Now the edge artifact phenomenon is largely eased under the influence of feathering algorithm.

Part 3B: Auto Point Selection and Stitching

Harris Corner Detection

The basic idea: We should easily recognize the point by looking through a small window Shifting a window in any direction should give a large change in intensity. That's why we want to use harris corner as feature.

After getting the Harris Corners, it is desirable to restrict the maximum number of interest points extracted from each image. At the same time, it is important that interest points are spatially well distributed over the image, since for image stitching applications, the area of overlap between a pair of images may be small. To satisfy these requirements, we have developed a novel adaptive non-maximal suppression (ANMS) strategy to select a fixed number of interest points from each image. [1]

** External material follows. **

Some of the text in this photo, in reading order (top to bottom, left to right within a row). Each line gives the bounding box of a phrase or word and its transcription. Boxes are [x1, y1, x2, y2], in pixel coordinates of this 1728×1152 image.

According to the paper, the minimum suppression radius is given by: $r_i=\min_j|\mathbf{x}_i - \mathbf{x}_j|, s.t.\ f(\mathbf{x}_i)<c_{robust}f(\mathbf{x}_j)$ We select the $n_{ip} = 500$ interest points with the largest values of $r_i$. [1]

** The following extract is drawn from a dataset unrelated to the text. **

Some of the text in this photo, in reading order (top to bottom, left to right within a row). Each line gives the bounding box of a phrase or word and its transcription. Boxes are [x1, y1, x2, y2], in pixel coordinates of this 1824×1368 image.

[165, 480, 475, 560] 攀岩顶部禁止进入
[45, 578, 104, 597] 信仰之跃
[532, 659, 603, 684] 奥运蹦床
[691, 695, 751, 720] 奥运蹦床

Also, I've noticed that there can be harris corner points who contain little texture, which can be disturbing especially for pictures with rather proportion of plain texture. So I add a filter to discard harris corners whose surrounding texture is not rich enough (i.e., surrounding patch's std should be greater than a threshold). [2] According to my naive experiment, this can be helpful.

The deliverable visualization of example (before and after ANMS) is presented below:

[1] “Multi-Image Matching using Multi-Scale Oriented Patches” by Brown et al.

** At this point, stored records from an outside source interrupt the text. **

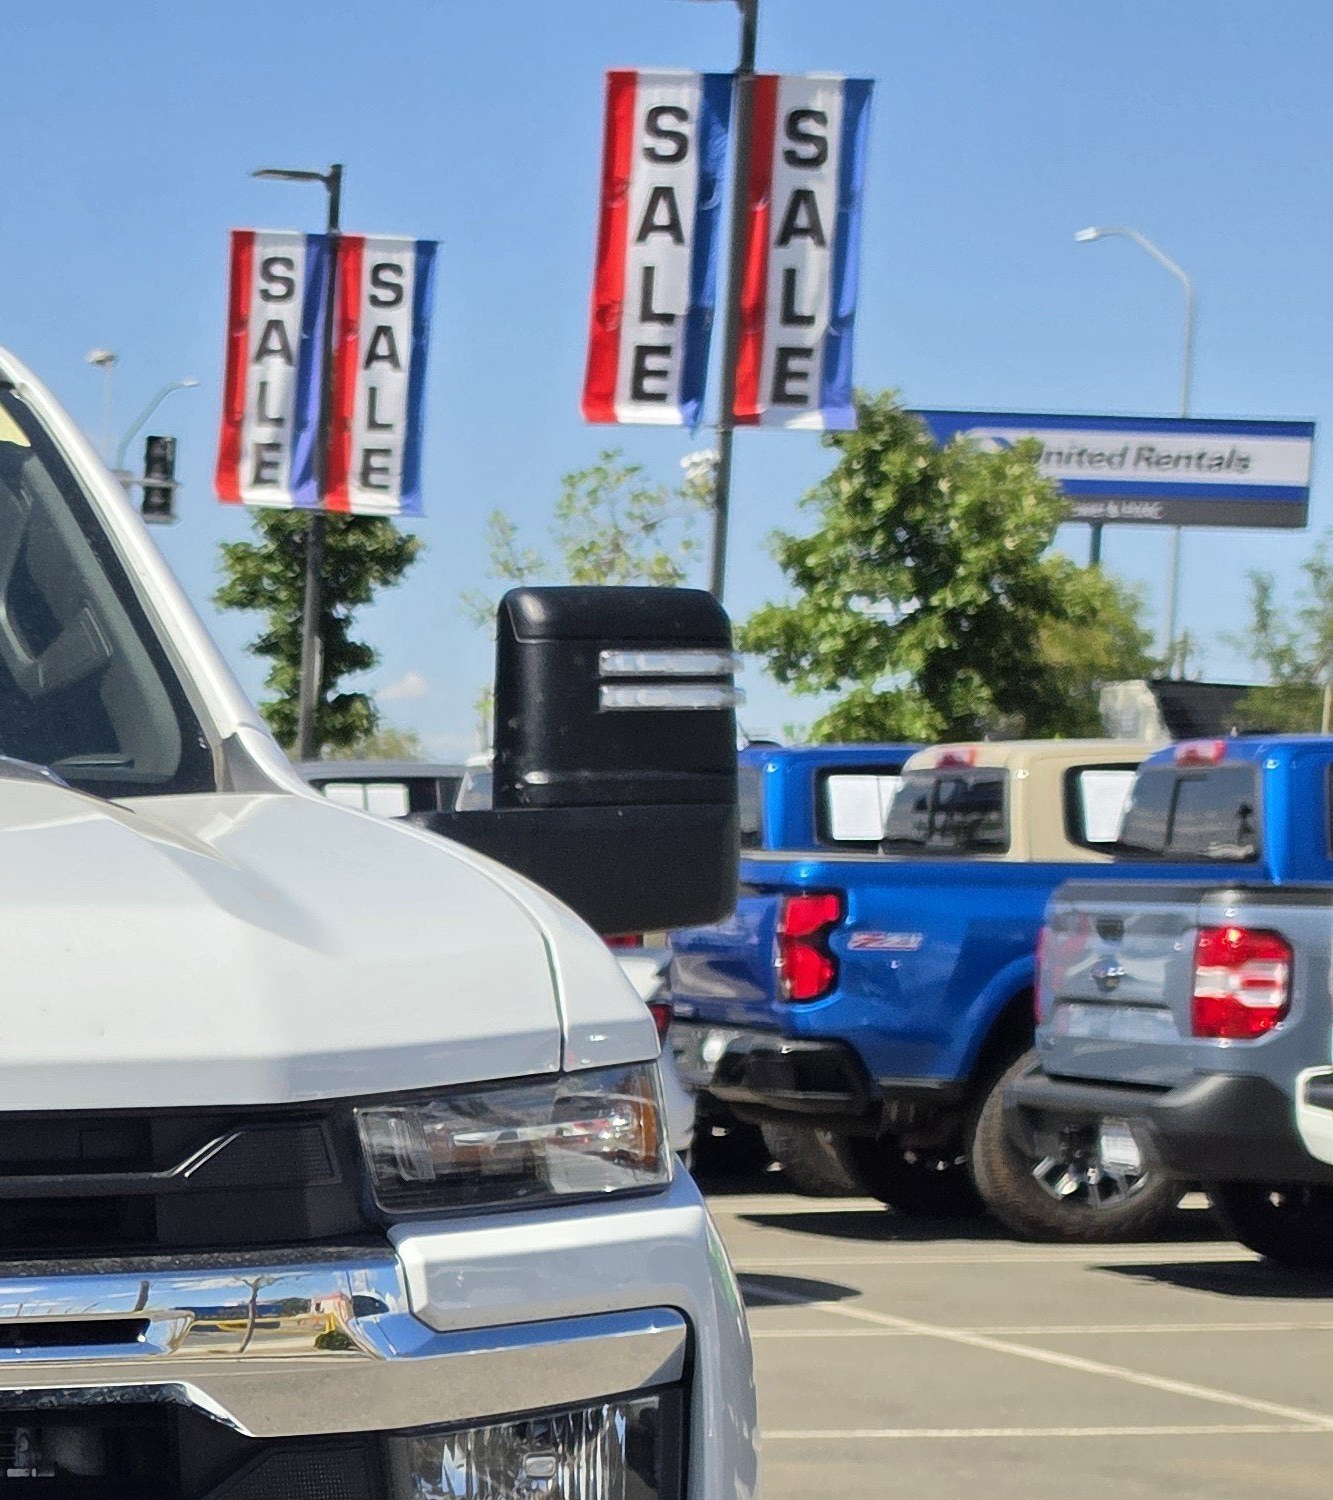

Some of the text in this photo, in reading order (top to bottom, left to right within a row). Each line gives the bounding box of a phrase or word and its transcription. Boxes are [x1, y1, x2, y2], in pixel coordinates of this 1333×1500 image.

[630, 105, 690, 402] SALE
[771, 108, 829, 405] SALE
[251, 256, 296, 486] SALE
[359, 262, 404, 490] SALE
[1036, 445, 1251, 473] nited Rentals

[2] This solution is inspired by Gemini 2.5 Pro.

Feature Descriptor Extraction

We use descriptor feature to match the harris corner points in the previous step [3]. I use the same setting in the slide. For every point of interest, I take a square frame with length of 40 and downsample it to 8$\times$8, blur it with Gaussian, and then do bias normalization to it.

[3] [Brown, Szeliski, Winder, CVPR’2005]

The example descriptors visualization is as below:

Feature Matching

The matching metric is evaluated, in this implementation, as suggested in harris.py, via Euclidean Distance. Two corners with smaller Euclidean Distance will be considered to match each other more.

Lowe’s trick is also applied to enhance robustness. Lowe’s technique works by assuming that the 1-NN in some image is a potential correct match, whilst the 2-NN in that same image is an incorrect match. In fact, we have observed that the distance in feature space of the 2-NN and subsequent matches is almost constant. [1]

[1] “Multi-Image Matching using Multi-Scale Oriented Patches” by Brown et al.

Visualization example of matched features between image pairs is as below:

RANSAC for Robust Homography

RANSAC loop [4]:

Select four feature pairs (at random)
Compute homography H (exact)
Compute inliers where $dist(pi’, H pi ) < ε$
Keep largest set of inliers
Re-compute least-squares H estimate on all of the inliers

[4] CS180 slides: feature-alignmentPart2.pdf

OK, now it is all set. The pictures gallery is as follows:

Raw Images:

AutoStitching v.s. Manual Stitching:

Some observations and thoughts

I switched my images compared to part3A. Through some naive experiments, I noticed that:

The images with rather proportion of plain area (with little texture) can suffer from mismatch
A picture with suitable white balance (like avoid Highlights in image) can be better
Avoid symmetric object in the building (at least in the figure)

For the first and second point, I guess that plain areas can be confusing for the algorithm. A picture with rich texture can have more rich descriptors. Though the filter and lowe's trick is designed to deal with them, it is better to ease this phenomenon. For the third point, it is possible (though with very low probability) that two symmetric point in the two figures can have the satisfying matches (four combinations), bringing confusion to the algorithm.

For the reasons above and experiments, I changed the images used in part3B.